I find faith-based ministry to be a reassuring and intentional way to look at delivering service to people on the margins. In the UCC, we talk about the core values of extravagant welcome, continuing testament and changing lives and we lift up the hope “that they may all be one”. While these principles come from the church, they are the shared values of all CHHSM member organizations.
The historical connection to the church and these values should not be scary. In fact, the words “faith-based ministry” are what drive so many organizations and their team members to provide extraordinary levels of service that go above and beyond the call of duty. Faith-based ministry is mission-driven, born out of a desire to satisfy the call to service that is spoken in the UCC’s core value statement. It is a product of the call to vocation so many servant leaders answer willingly and passionately. It is an expression of faith, knowing that serving others is the just and right thing to do. Perhaps it is easier to think of them as our “care values” instead of “core values”?
This issue of Diakonie illustrates some real-life examples of spaces where we’re living out our care values as they relate to the UCC’s core values:
They are spaces where our membership looks at CHHSM’s model for an ONA Covenant as a further expression of the policies they have instituted to create a work place and a home for those they serve that is safe, welcoming and inclusive. It is a space of acceptance, affirmation and culture change. It is an expression of our “care values.”
They are spaces that recognize and honor the tradition of leadership that many of our predecessors lived out in their daily work. The recent passing and memorialization of the life of Jerry Paul reminds me of this servant leadership with a focus on faith-based ministry and a life filled with his expression of “care values.”

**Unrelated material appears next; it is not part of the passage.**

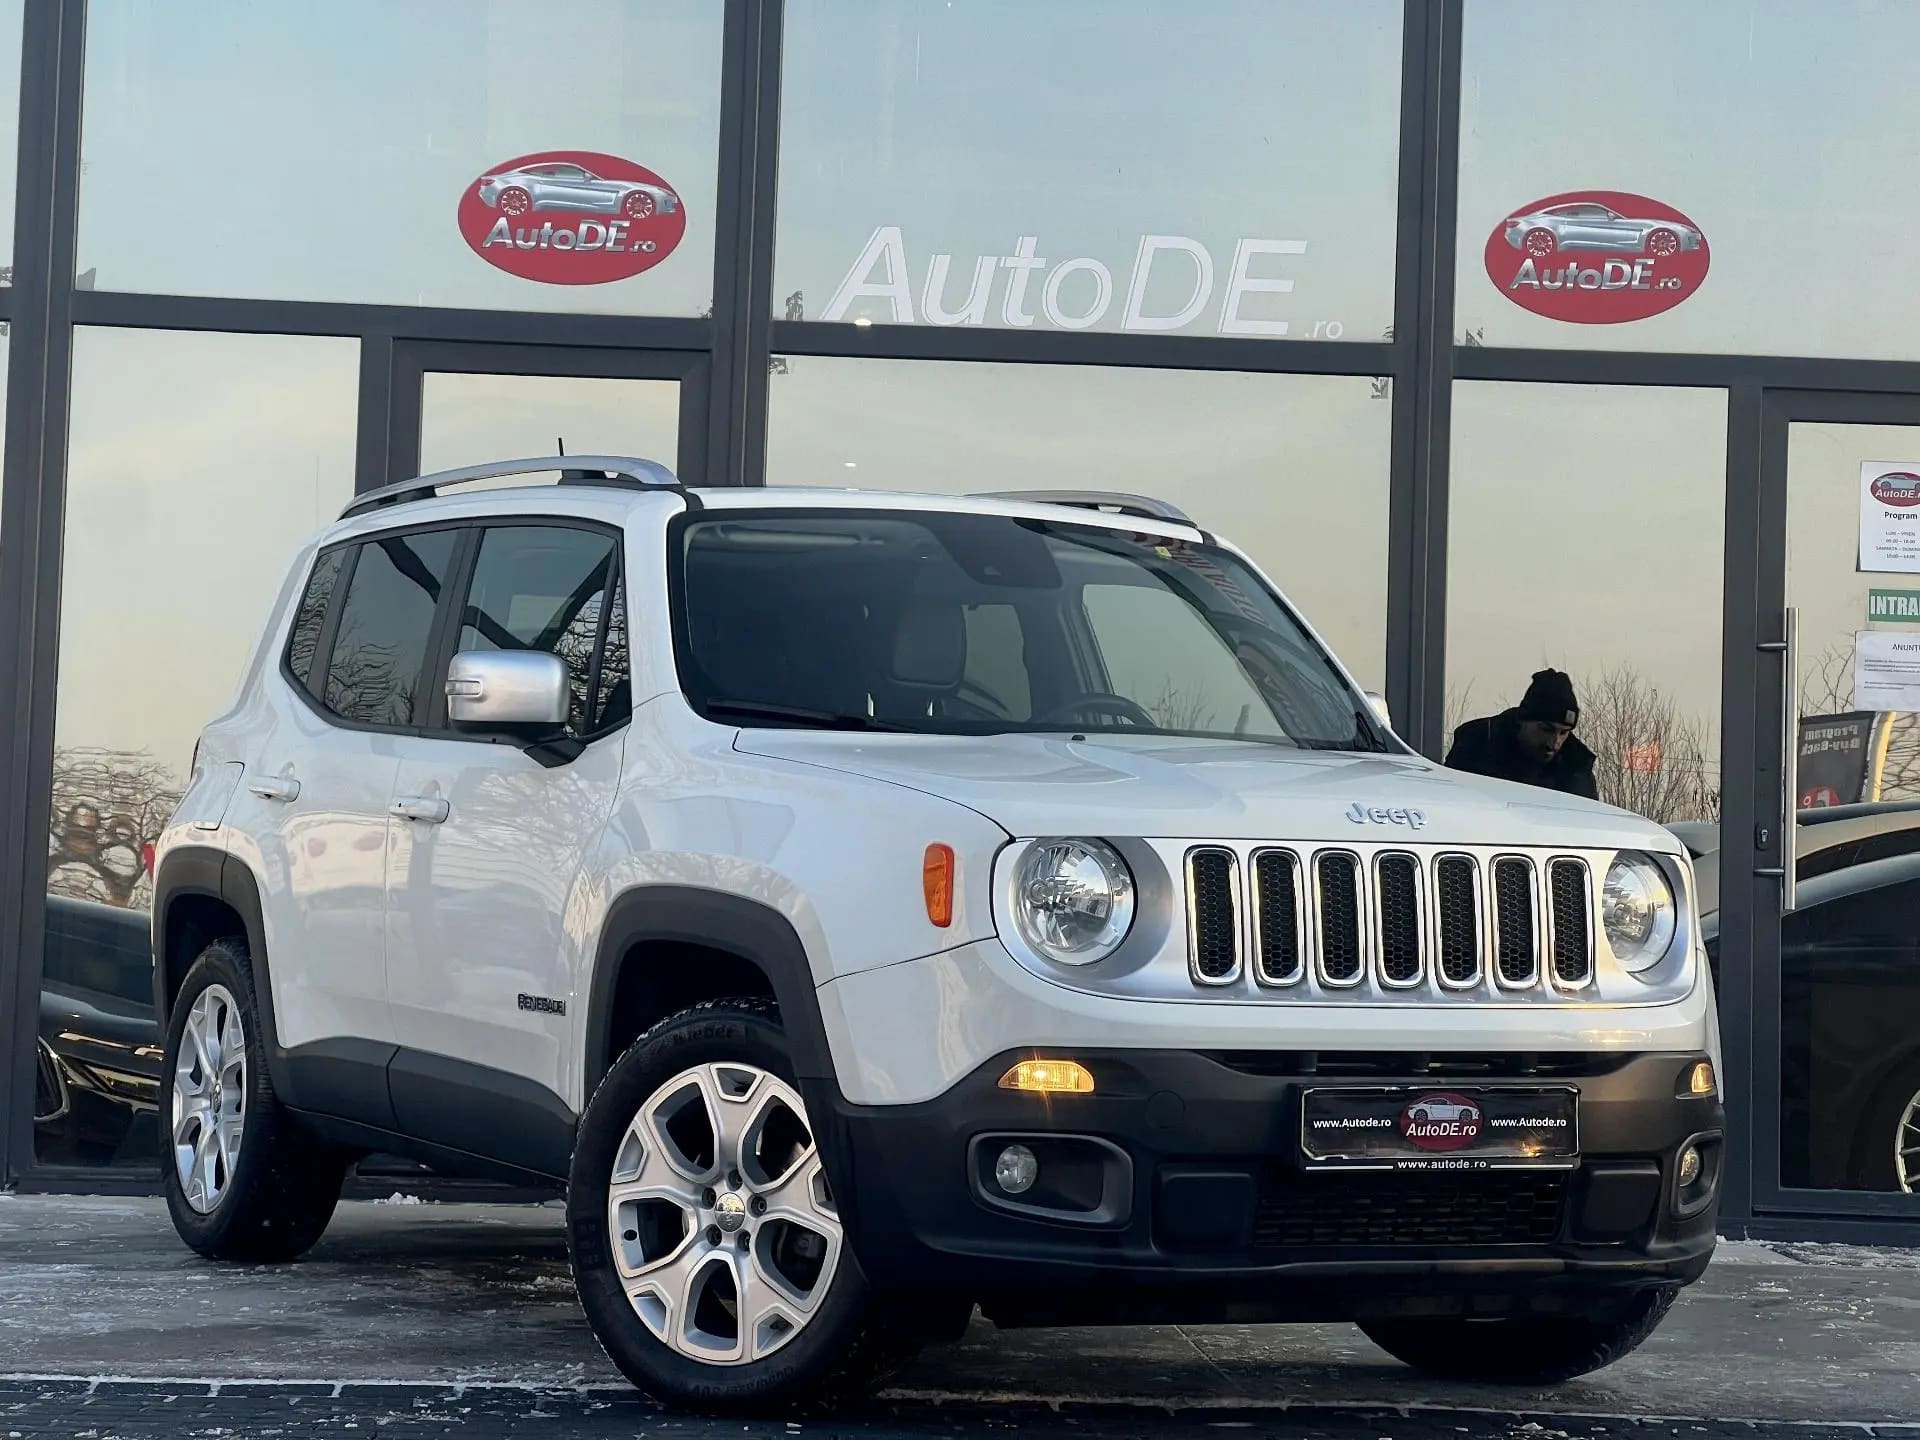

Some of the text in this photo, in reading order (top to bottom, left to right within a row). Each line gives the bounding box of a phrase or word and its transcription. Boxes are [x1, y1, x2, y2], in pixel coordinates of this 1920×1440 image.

They are spaces that welcome the transformative leadership development program we call the Nollau Institute. Leaders of all ages, levels of experience and faith traditions learn together about faith-based ministry as a means of satisfying their own vocational call while expressing the shared “care values” of our ministries.
They are spaces that lift up justice issues for those they serve by responding proactively to changes in social, political and economic factors. Emmaus Homes has acted with great faith in creating a new care model for its Marthasville residents that reflects the best practices in its industry, financial stability, and good stewardship of the resources it has been entrusted with.
This vision of “care values” is reassuring to me. It offers hope to many in need. It provides a welcoming, continuing, changing way for those we serve. Though it is not church, it is the mission of the church embodied through our hands and feet.
So, the next time you hear the words faith-based ministry, don’t think of organized religion or church. Think of CHHSM, our member ministries and our shared “care values.” Think of gracious spaces where help is provided, lives are changed, welcome is extravagantly offered and the testament of service continues.